**INFORMATION**.
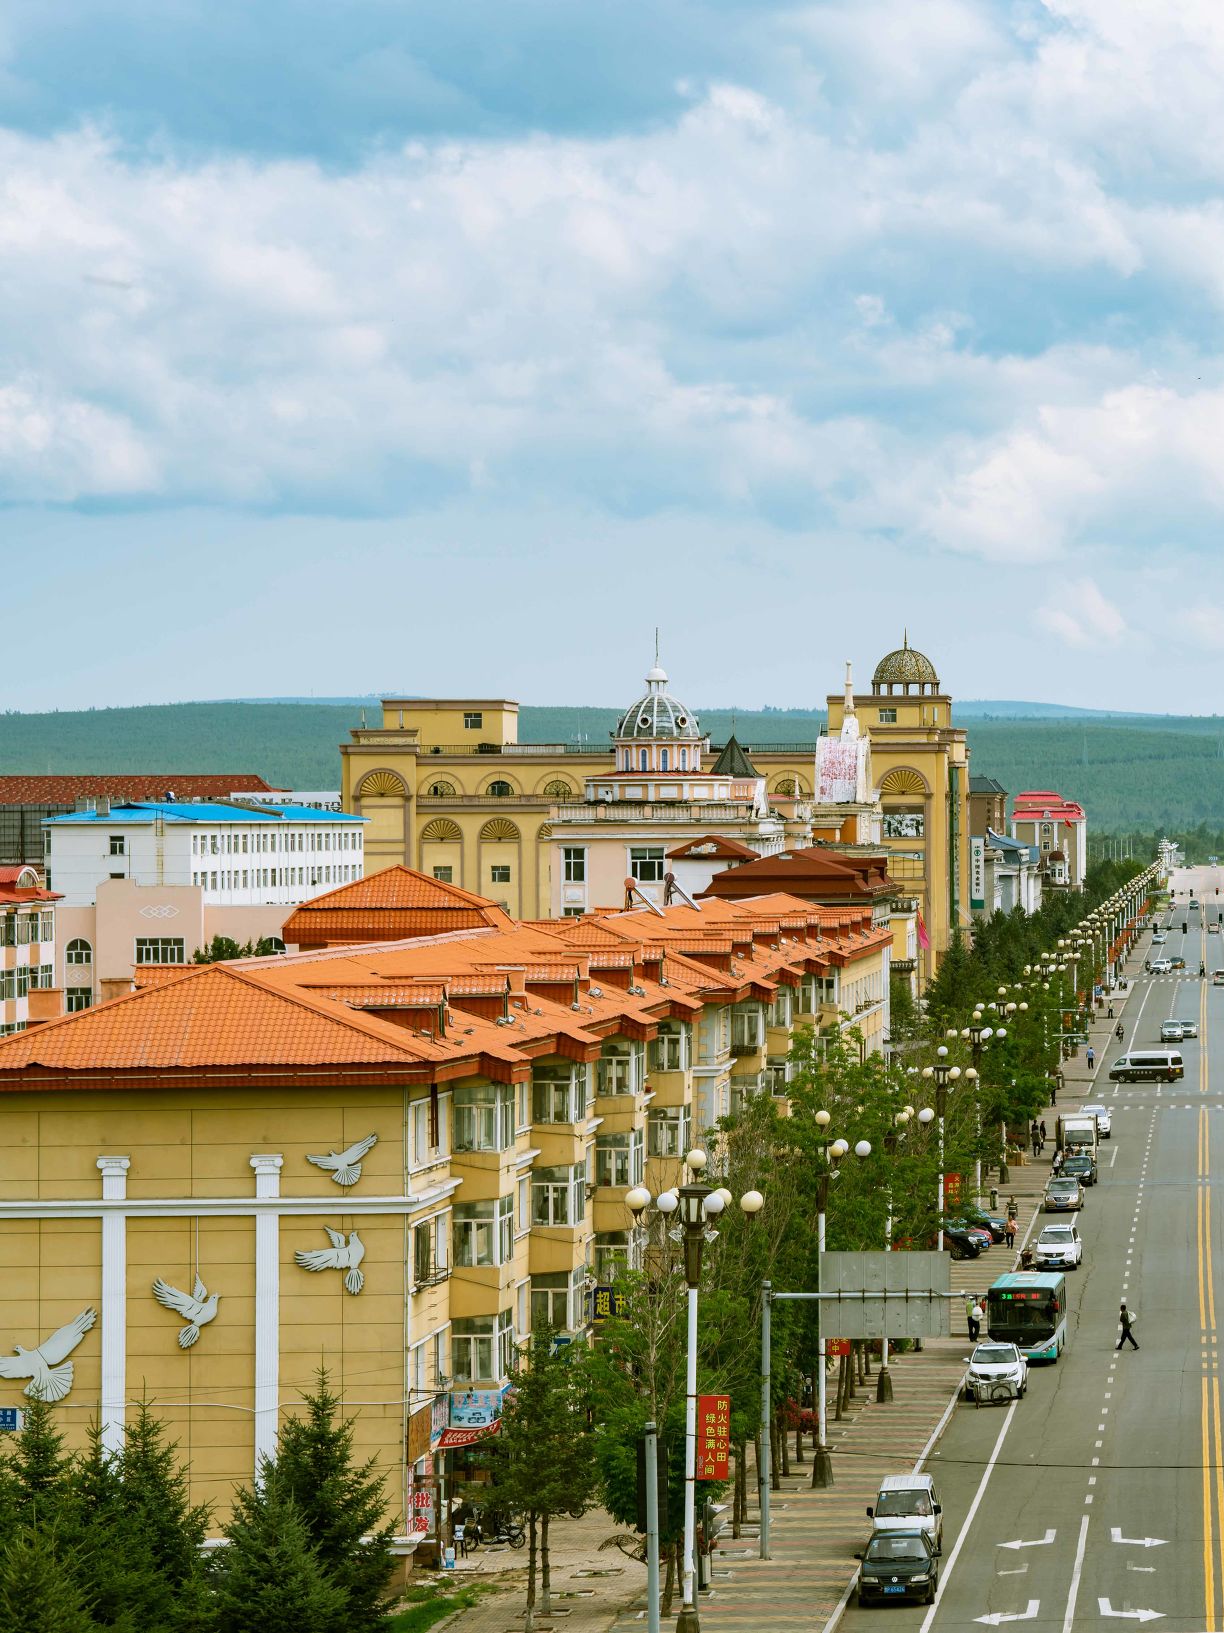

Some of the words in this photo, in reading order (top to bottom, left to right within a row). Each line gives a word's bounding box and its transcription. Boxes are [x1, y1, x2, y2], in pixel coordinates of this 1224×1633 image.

[596, 1291, 626, 1316] 超市
[704, 1413, 716, 1476] 绿色满人间
[716, 1401, 728, 1462] 防火驻心田
[415, 1492, 430, 1533] 批发
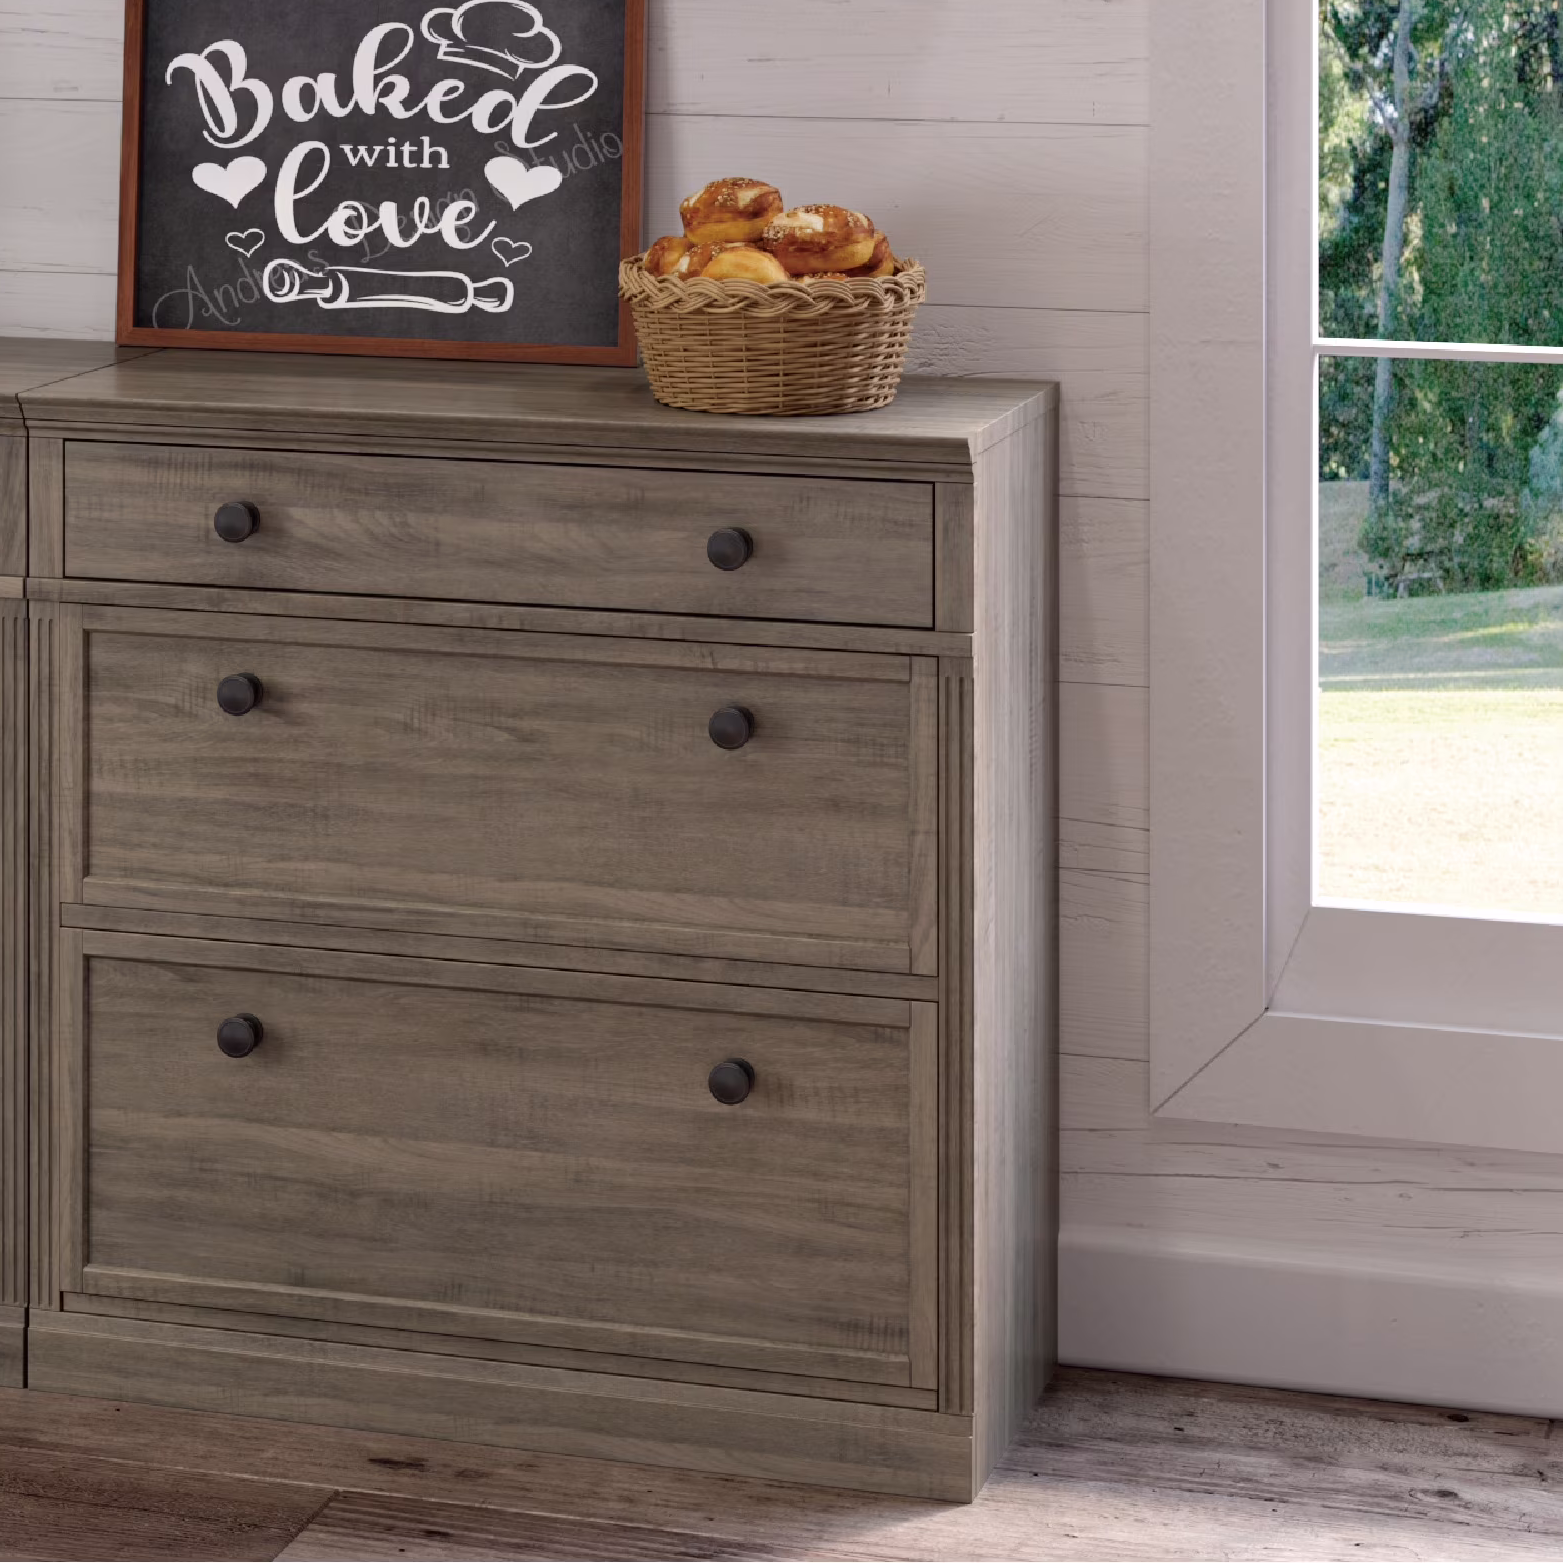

**TASK DIRECTIONS**.
Give the listing above again in its entirety and exactly; do not include the pictures.

**ANSWER TO THIS PROBLEM**.
Some of the words in this photo, in reading order (top to bottom, left to right within a row). Each line gives a word's bounding box and its transcription. Boxes are [x1, y1, x2, y2], in pixel coordinates of this 1224×1633 image.

[596, 1291, 626, 1316] 超市
[704, 1413, 716, 1476] 绿色满人间
[716, 1401, 728, 1462] 防火驻心田
[415, 1492, 430, 1533] 批发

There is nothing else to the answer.